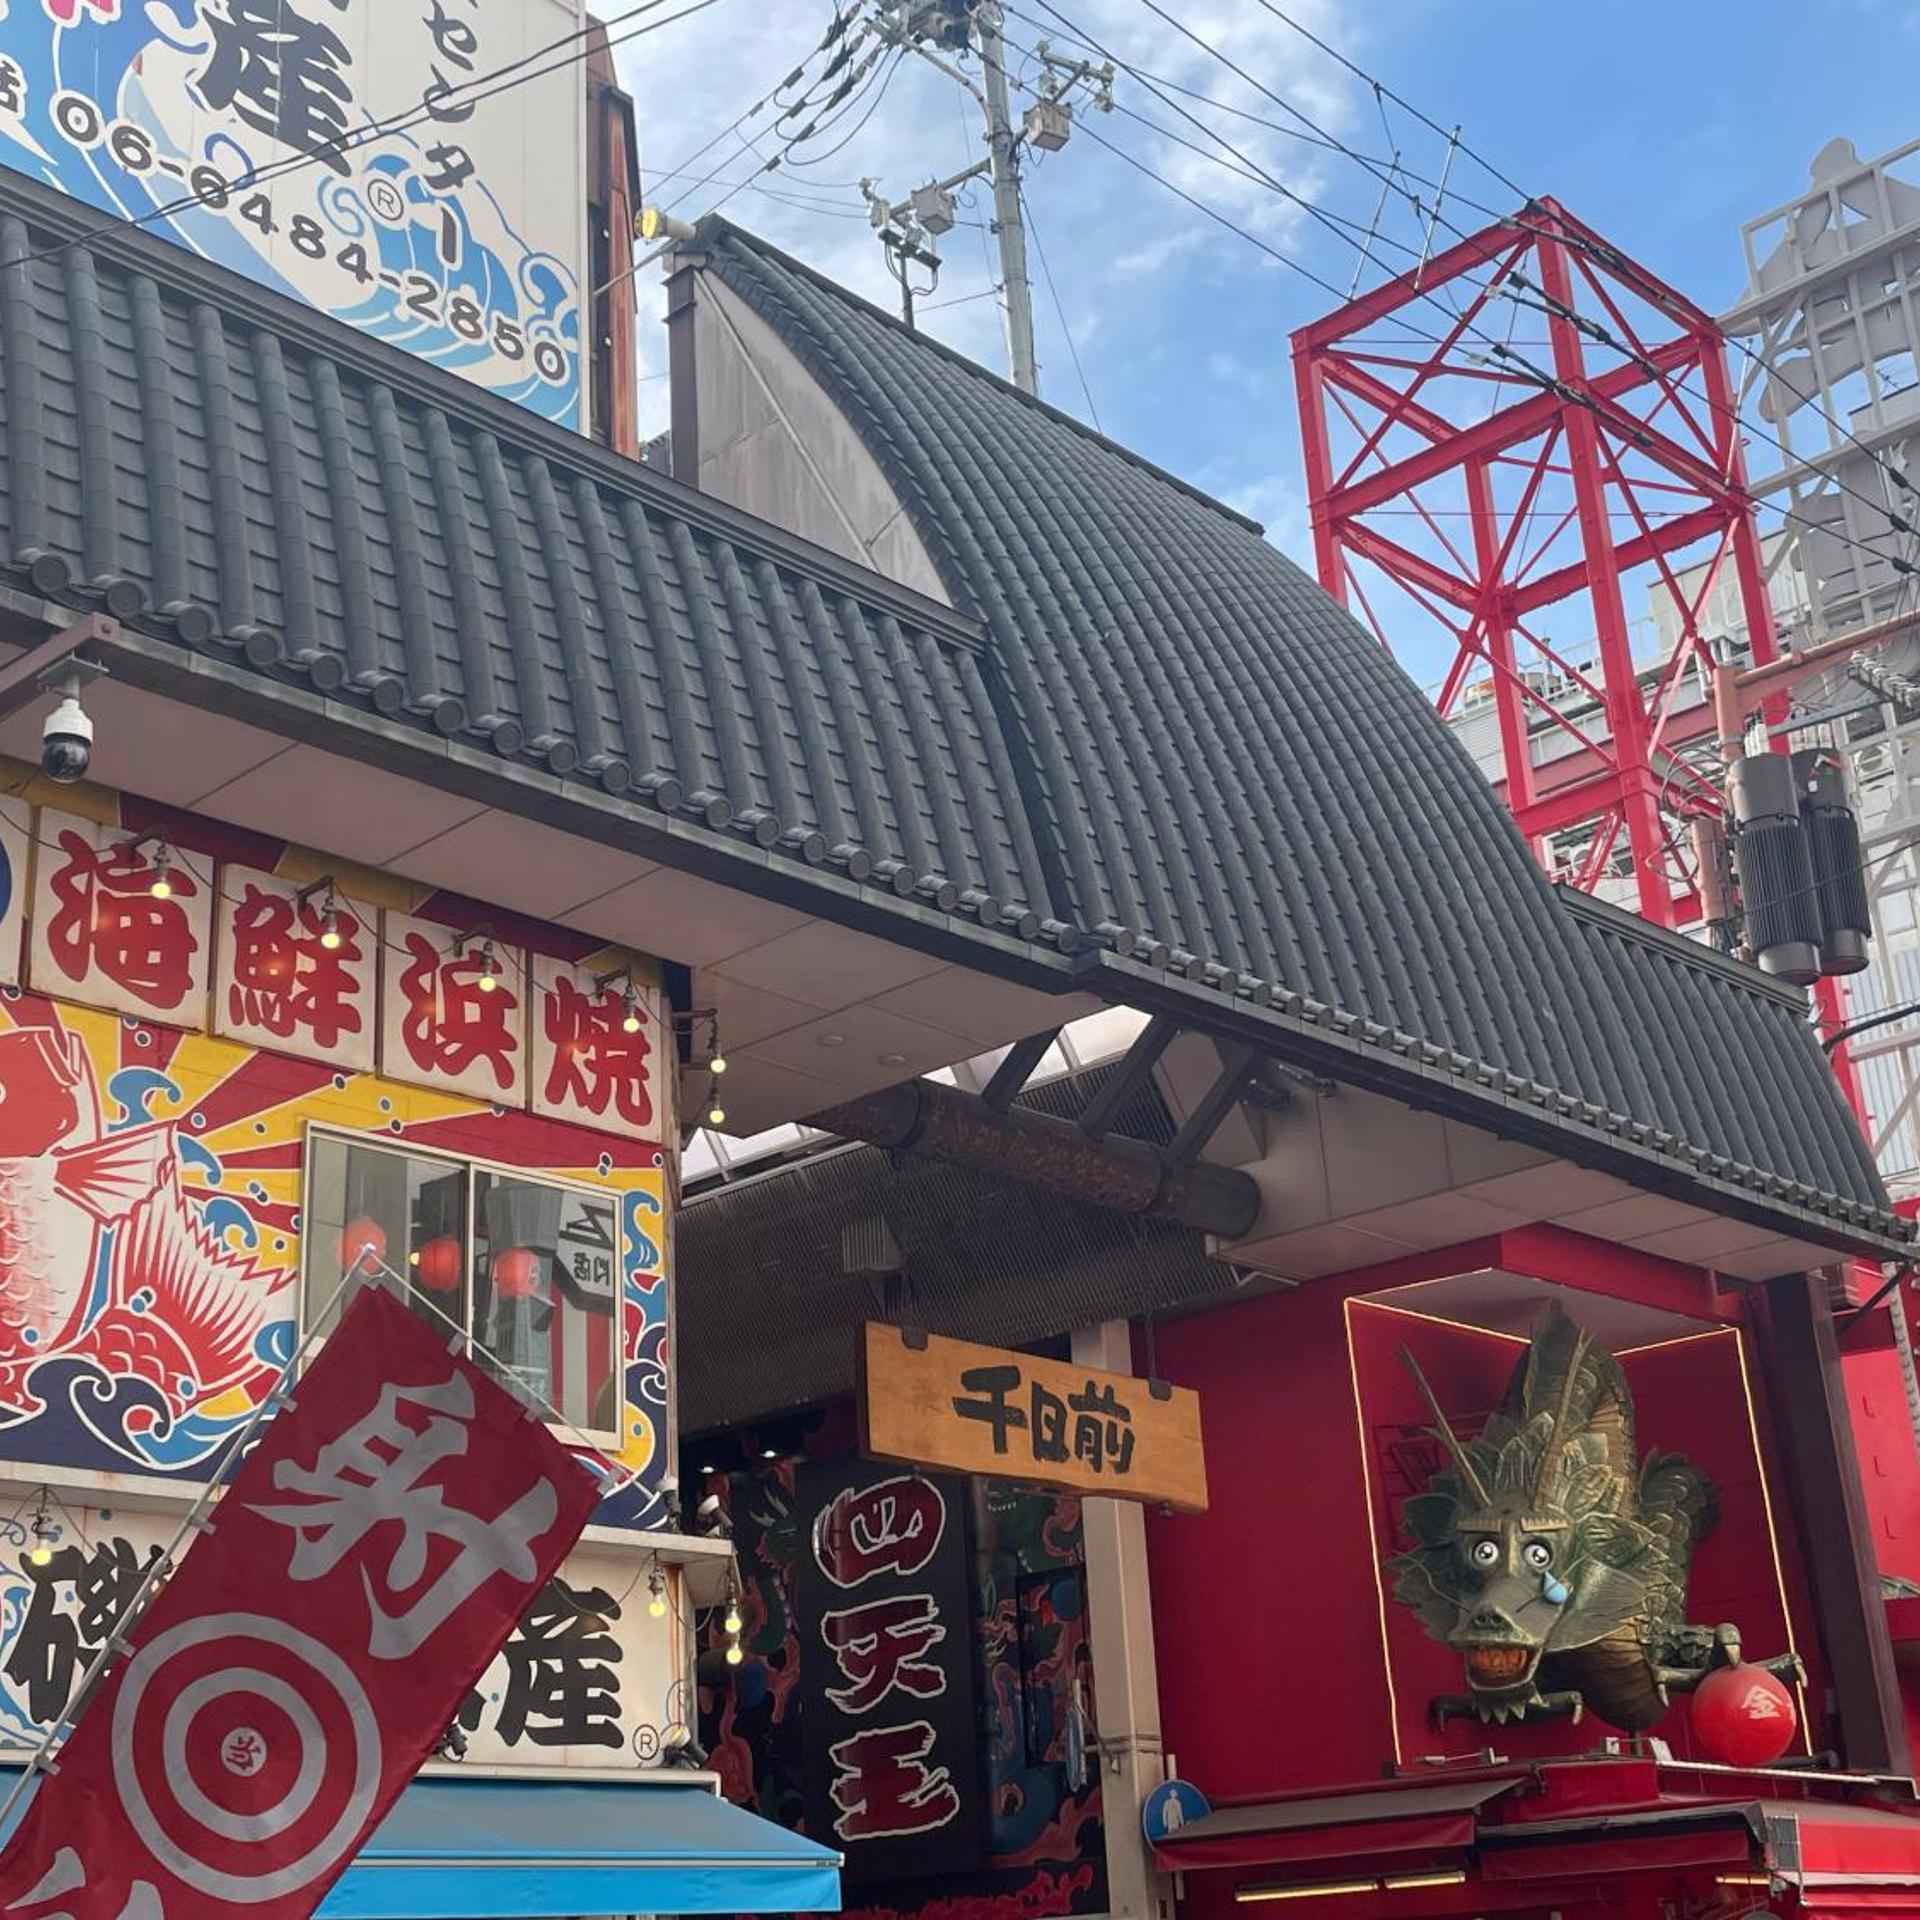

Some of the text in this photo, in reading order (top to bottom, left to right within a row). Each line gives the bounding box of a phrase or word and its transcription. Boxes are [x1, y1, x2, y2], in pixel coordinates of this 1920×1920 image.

[56, 96, 565, 381] 06-6484-2850
[47, 828, 653, 1127] 海鮮浜焼
[952, 1364, 1136, 1474] 千日前
[811, 1474, 961, 1842] 四天王
= = = =
▶ [What is required]:
Pictures aside, every entry above must be repeated exactly.

▶ [Response to the task]:
Some of the text in this photo, in reading order (top to bottom, left to right within a row). Each line gives the bounding box of a phrase or word and its transcription. Boxes are [x1, y1, x2, y2], in pixel coordinates of this 1920×1920 image.

[56, 96, 565, 381] 06-6484-2850
[47, 828, 653, 1127] 海鮮浜焼
[952, 1364, 1136, 1474] 千日前
[811, 1474, 961, 1842] 四天王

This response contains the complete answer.